Top of Data for review

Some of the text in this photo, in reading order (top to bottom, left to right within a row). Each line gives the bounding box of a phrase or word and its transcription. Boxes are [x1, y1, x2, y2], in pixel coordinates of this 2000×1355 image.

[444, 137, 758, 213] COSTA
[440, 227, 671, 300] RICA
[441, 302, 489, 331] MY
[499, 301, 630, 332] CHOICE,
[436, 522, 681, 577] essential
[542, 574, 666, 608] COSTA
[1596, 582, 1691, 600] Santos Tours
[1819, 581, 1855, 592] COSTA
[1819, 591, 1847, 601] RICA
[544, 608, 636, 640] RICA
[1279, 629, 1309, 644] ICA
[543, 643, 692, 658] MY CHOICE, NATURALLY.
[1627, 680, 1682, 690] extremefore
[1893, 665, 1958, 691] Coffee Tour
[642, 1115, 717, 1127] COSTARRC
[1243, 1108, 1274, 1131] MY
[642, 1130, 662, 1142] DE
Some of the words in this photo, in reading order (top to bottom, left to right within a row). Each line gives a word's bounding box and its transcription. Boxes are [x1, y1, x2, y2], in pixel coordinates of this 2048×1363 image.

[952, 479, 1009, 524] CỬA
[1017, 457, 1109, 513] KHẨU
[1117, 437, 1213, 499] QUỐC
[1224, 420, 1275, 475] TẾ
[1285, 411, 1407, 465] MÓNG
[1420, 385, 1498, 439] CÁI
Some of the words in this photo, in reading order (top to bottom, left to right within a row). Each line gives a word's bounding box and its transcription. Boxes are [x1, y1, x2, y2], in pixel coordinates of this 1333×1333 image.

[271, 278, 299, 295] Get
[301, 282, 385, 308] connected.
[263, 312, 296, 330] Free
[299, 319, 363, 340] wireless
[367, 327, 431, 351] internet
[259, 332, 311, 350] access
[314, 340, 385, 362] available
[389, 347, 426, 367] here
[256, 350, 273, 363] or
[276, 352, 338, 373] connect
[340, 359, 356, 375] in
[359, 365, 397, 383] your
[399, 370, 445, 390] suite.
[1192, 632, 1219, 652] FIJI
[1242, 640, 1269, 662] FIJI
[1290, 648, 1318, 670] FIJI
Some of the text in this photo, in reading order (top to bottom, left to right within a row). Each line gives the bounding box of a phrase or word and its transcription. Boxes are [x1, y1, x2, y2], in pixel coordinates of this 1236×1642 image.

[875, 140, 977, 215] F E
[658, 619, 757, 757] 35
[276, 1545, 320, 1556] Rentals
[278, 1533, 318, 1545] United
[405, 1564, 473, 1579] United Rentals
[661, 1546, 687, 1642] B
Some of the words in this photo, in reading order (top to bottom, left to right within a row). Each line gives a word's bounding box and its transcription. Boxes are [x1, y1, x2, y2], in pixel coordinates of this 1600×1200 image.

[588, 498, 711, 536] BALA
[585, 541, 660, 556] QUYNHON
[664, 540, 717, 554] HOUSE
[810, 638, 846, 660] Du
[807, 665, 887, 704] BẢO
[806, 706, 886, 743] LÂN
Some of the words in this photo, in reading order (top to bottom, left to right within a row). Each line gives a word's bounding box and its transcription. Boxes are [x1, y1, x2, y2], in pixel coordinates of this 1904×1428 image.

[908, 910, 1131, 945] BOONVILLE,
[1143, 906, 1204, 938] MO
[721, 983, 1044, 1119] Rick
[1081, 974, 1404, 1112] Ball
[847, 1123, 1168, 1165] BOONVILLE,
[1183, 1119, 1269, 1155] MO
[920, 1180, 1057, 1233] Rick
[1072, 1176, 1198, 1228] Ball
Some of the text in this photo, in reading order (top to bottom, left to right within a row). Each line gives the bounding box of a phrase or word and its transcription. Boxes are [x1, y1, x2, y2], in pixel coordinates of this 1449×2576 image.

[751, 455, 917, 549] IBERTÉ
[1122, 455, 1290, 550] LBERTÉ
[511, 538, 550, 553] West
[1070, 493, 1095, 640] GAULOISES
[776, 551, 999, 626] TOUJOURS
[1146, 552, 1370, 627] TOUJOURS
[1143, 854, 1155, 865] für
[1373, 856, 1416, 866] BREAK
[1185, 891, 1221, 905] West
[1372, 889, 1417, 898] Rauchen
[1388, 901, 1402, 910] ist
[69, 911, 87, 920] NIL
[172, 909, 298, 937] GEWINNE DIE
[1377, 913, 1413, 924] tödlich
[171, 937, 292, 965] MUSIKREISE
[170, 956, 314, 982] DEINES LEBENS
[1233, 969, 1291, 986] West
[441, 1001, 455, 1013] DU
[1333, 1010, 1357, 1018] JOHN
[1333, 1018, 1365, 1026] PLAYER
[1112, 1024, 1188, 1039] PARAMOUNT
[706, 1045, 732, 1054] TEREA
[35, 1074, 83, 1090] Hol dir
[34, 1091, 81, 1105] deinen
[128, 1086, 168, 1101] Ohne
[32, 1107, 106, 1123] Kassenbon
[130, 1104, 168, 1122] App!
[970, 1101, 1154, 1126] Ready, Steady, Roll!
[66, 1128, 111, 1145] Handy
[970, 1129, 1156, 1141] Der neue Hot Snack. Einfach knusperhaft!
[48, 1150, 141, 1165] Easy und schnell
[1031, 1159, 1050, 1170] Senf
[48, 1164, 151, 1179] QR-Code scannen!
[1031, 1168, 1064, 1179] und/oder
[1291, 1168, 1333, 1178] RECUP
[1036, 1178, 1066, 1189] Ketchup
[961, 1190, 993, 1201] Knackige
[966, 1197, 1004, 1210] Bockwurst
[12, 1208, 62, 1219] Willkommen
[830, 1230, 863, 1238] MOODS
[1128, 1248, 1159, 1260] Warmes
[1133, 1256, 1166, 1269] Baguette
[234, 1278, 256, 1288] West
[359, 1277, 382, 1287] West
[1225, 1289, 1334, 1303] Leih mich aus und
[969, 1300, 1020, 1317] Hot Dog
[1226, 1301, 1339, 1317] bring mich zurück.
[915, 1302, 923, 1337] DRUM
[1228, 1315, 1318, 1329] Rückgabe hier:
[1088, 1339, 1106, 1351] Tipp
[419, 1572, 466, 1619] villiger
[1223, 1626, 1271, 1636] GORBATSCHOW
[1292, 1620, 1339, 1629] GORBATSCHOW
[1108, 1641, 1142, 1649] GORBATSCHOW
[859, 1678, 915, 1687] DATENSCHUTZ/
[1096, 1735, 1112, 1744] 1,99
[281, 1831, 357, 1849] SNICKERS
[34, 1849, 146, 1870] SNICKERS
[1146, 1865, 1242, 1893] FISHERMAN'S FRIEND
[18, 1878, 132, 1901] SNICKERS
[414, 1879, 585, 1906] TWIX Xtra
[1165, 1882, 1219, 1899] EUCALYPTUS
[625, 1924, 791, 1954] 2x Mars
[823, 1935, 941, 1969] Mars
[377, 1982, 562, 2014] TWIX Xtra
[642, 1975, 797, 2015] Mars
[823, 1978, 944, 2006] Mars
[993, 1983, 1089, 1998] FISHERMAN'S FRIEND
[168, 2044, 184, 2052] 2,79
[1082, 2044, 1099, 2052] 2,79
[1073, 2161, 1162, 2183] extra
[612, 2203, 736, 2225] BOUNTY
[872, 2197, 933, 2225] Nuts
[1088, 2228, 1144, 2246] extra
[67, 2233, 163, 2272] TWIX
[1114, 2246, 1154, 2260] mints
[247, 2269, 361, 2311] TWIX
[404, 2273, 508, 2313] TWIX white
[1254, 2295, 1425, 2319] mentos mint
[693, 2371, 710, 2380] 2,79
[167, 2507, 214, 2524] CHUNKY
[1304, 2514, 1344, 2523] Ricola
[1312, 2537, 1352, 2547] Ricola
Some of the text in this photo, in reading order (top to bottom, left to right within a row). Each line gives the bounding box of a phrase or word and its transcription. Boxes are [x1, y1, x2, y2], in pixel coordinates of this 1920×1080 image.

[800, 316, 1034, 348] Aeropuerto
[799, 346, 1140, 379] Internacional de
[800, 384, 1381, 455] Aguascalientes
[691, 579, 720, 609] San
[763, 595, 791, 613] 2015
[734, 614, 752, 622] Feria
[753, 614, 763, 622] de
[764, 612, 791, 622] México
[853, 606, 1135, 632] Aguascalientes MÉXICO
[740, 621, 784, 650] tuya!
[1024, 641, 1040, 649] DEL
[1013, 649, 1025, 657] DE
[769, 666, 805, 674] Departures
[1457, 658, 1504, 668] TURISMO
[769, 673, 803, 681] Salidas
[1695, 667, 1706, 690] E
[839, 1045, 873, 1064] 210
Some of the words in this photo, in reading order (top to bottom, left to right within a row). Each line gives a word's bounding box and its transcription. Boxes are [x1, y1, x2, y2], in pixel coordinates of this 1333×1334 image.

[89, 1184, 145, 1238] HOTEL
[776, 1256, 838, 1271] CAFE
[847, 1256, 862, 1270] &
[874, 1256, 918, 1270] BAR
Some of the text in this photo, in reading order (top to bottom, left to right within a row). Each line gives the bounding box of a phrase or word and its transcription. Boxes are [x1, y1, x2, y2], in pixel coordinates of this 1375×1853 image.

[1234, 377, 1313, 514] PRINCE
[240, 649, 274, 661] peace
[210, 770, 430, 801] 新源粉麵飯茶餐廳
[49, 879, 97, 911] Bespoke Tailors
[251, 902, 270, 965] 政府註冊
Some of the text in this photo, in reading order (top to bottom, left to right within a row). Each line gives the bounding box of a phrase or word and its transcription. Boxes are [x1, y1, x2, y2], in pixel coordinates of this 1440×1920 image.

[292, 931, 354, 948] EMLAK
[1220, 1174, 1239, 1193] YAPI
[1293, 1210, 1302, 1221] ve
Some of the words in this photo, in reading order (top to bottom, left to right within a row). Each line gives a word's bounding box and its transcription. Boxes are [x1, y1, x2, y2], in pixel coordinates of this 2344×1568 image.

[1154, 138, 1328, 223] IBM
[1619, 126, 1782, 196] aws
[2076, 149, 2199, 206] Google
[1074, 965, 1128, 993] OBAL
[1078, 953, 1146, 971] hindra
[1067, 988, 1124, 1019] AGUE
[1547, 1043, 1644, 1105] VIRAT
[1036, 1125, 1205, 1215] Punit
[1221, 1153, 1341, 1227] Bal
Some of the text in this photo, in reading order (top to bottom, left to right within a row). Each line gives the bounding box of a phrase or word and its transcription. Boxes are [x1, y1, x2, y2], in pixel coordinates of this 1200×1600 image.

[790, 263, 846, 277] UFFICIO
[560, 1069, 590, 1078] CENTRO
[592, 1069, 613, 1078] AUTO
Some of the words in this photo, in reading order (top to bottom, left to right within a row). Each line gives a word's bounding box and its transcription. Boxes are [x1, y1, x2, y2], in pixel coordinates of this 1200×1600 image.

Bottom of Data for review

What you are asked to do. Write out exactly the lines from the one with "this 2344×1568 image." through the end of the records above, both ends included, and leave out all other lines.

Answer box.
Some of the words in this photo, in reading order (top to bottom, left to right within a row). Each line gives a word's bounding box and its transcription. Boxes are [x1, y1, x2, y2], in pixel coordinates of this 2344×1568 image.

[1154, 138, 1328, 223] IBM
[1619, 126, 1782, 196] aws
[2076, 149, 2199, 206] Google
[1074, 965, 1128, 993] OBAL
[1078, 953, 1146, 971] hindra
[1067, 988, 1124, 1019] AGUE
[1547, 1043, 1644, 1105] VIRAT
[1036, 1125, 1205, 1215] Punit
[1221, 1153, 1341, 1227] Bal
Some of the text in this photo, in reading order (top to bottom, left to right within a row). Each line gives the bounding box of a phrase or word and its transcription. Boxes are [x1, y1, x2, y2], in pixel coordinates of this 1200×1600 image.

[790, 263, 846, 277] UFFICIO
[560, 1069, 590, 1078] CENTRO
[592, 1069, 613, 1078] AUTO
Some of the words in this photo, in reading order (top to bottom, left to right within a row). Each line gives a word's bounding box and its transcription. Boxes are [x1, y1, x2, y2], in pixel coordinates of this 1200×1600 image.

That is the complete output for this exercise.